В той истории занятый Анной, Меншиков просто просмотрел скрывающуюся под маскарадом Кэт. А когда она вынырнет, он её уже не в силах будет достать. Попробует сделать свой ход. Это он распустит грязные слухи о ней, думая этим отпугнуть Петра, но не тут-то было. Царь только посмеивался и ещё крепче держался за Катерину. И только в конце их совместной жизни Алексашке удалось повторить тот же трюк, что и с Анной с Кэт. Она не любила Меншикова, боялась его, а вот противостоять не могла. Пётр был сильно к нему привязан. Но вернёмся к нашим героям. Я слишком забежала вперёд. Как водится всему своё время.
После того случая в лодке, когда ей быстро удалось ликвидировать гнев и усыпить царя, Кэт, несмотря на кроткий вид, смело бросалась между ним и людьми во время всех вспышек гнева. Она вешалась ему на руку, тянула за собой. Уводила куда подальше, сажала рядом и принималась поглаживая голову жалеть. Глыба-парень и мальчишка-пацанёнок. Казалось, вот-вот грянет расправа. Переломит ровно соломинку. Ан нет! Пётр сначала что-то невнятное бормотал, потом успокаивался и засыпал. Было и так, что не случись её рядом при такой вспышке гнева, за ней бежали, разыскивали и приводили: «Успокаивай, лечи». А что? К нему боялись подходить. Иногда приступ кидал его ничком и он бился головой о землю. Все стояли вокруг над ним, не сводя расширенных ужасом глаз. У Николки же выходило с ним справляться ловчее всех.
Кэт видела — Пётр страдал. Её же сердце щемило от любви и жалости, но ни пожалеть, ни успокоить, ни выказать своих чувств она не могла. Только однажды он заговорил с ней об Анне. Сидели на бревне у реки… А начало было таким: он смотрел на воду и о чём-то думал. Кэт принесла квас и стояла за его спиной, не зная как подойти. С какого боку, чтоб не прогневить. С этими раздумьями и замешкалась. Обернувшись, посадил её рядом. Смутившись от того, что её пригласили на душевный разговор, раза два открыла было рот, поблагодарить, но так и не решившись закрыла его. Слово за слово рассказал, как влюбился и бегал на свидание. Кэт слушала его с таким дружелюбием и состраданием, на какое только была способна. Боль цеплялась за каждое слово. Вырвать быстро не получилось, но он постарается, заставит себя, сможет… Большой, сильный, он мучился. Как жаль, что она всего-навсего малышка. Он сам, по своему желанию, выплеснул душу, но словно испугавшись своей открытости, осёкся. Прошло не мало, а она всё не могла отрешиться от мыслей, которые всколыхнул в ней прерванный им разговор. И всё же Кэт решилась напомнить ему о жене. Стеснённо кашлянув, переступила с ноги на ногу и присоветовала, в общем. Этого он никак не ожидал. Пётр развернулся, на лице удивление:
— Дуня? Ну я не знаю… Темнота же… К тому же, ленива. А, не морочь мне голову! — царь покривился и досадливо отмахнулся. — Тоже мне… Ты, Николка, право-слово, херувим, разве что без крыльев! Хотя… поглядим-увидим.

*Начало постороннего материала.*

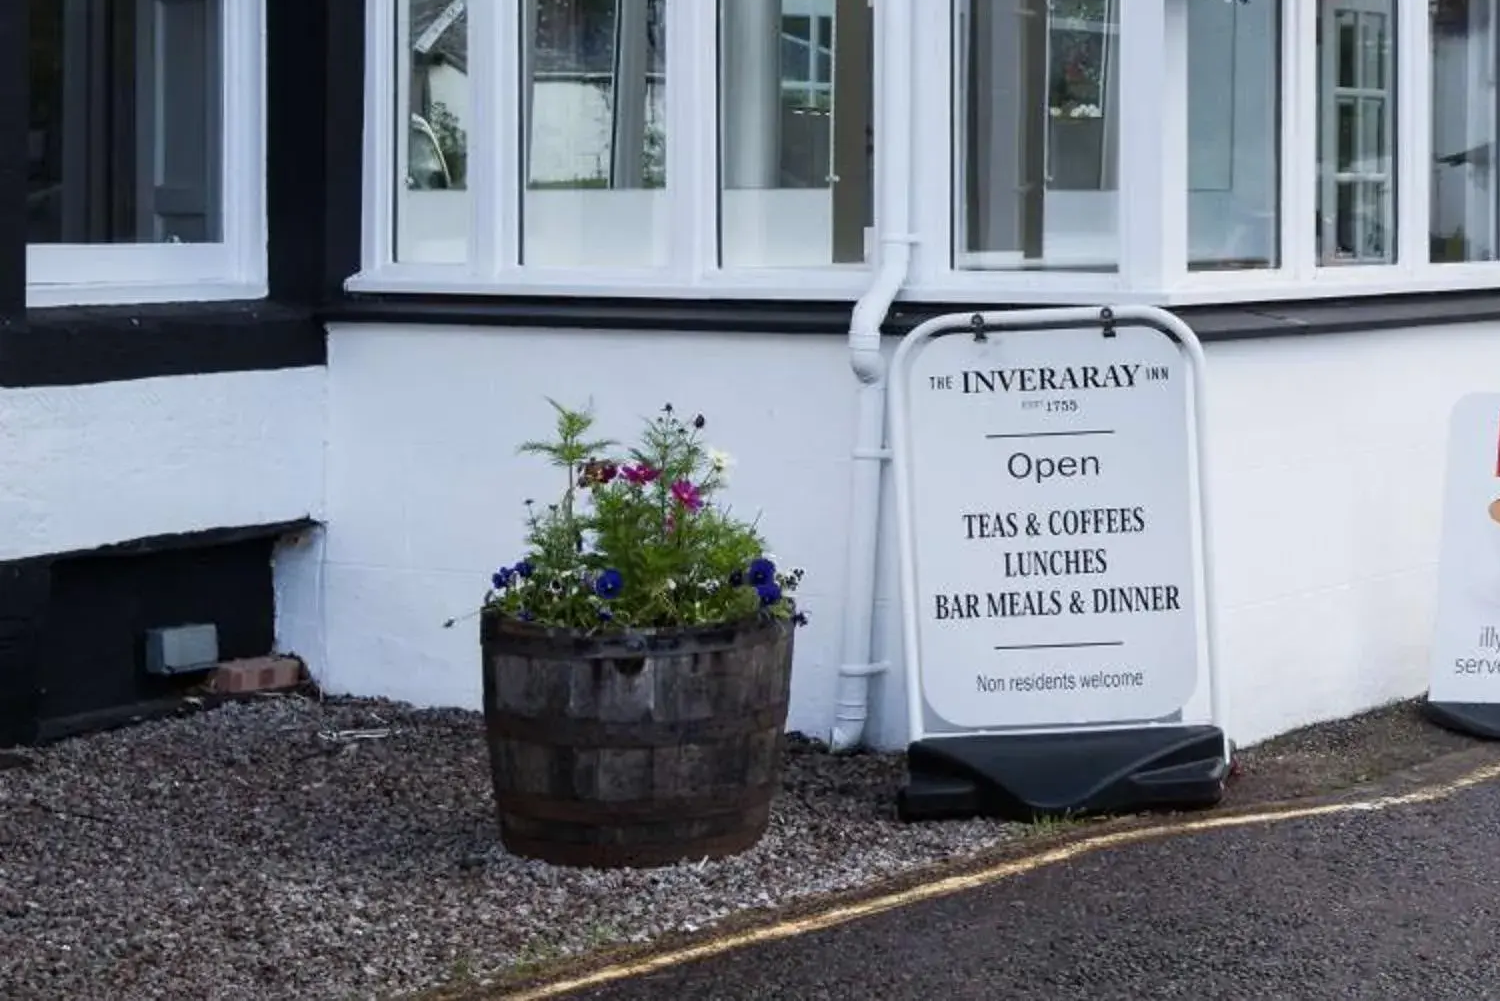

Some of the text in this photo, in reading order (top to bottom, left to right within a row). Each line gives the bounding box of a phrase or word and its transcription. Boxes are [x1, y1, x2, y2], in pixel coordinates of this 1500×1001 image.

[929, 364, 1169, 394] THE INVERARAY INN
[1007, 452, 1101, 483] Open
[962, 506, 1145, 539] TEAS & COFFEES
[1003, 548, 1108, 578] LUNCHES
[934, 585, 1181, 620] BAR MEALS & DINNER
[976, 669, 1145, 692] Non residents welcome

Голова Кэт мотнулась от казалось крепкой затрещины. Шмыгнула носом. Слегка поддал. Не больно. Видимость одна. Для неё и пылит. А вообще-то попадало от царя всем и даже друг любезный, Меншиков, не раз был бит в кровь.
Она уже заметила, что он не любил подчиняться женщинам, исключение составляла его мать. А с другими думалось ей всё просто: поскольку сестра Софья служила наглядным для него примером того, каким не след быть женщине, он с ходу вступал в противоречие. Но теперь ей стало понятно, что и дур и тихонь, он тоже не любит. Скорее всего, ему нужна и будет интересна — женщина друг, соратник, при условии, что будет любить и предана ему беззаветно. Отвлёкшись от дум, спросила:
— Питер, ты любил её?
Вопрос выскочил такой, что называется, не в бровь, а в глаз, как раз девчоночий. Но отступать поздно. Вот уж царь удивился. Посмотрел, мол, что за чудеса. Не иначе как медведь в лесу сдох. Недоросток и такие вопросы. Но хулить и насмехаться не стал. Он равнодушно пожал плечами.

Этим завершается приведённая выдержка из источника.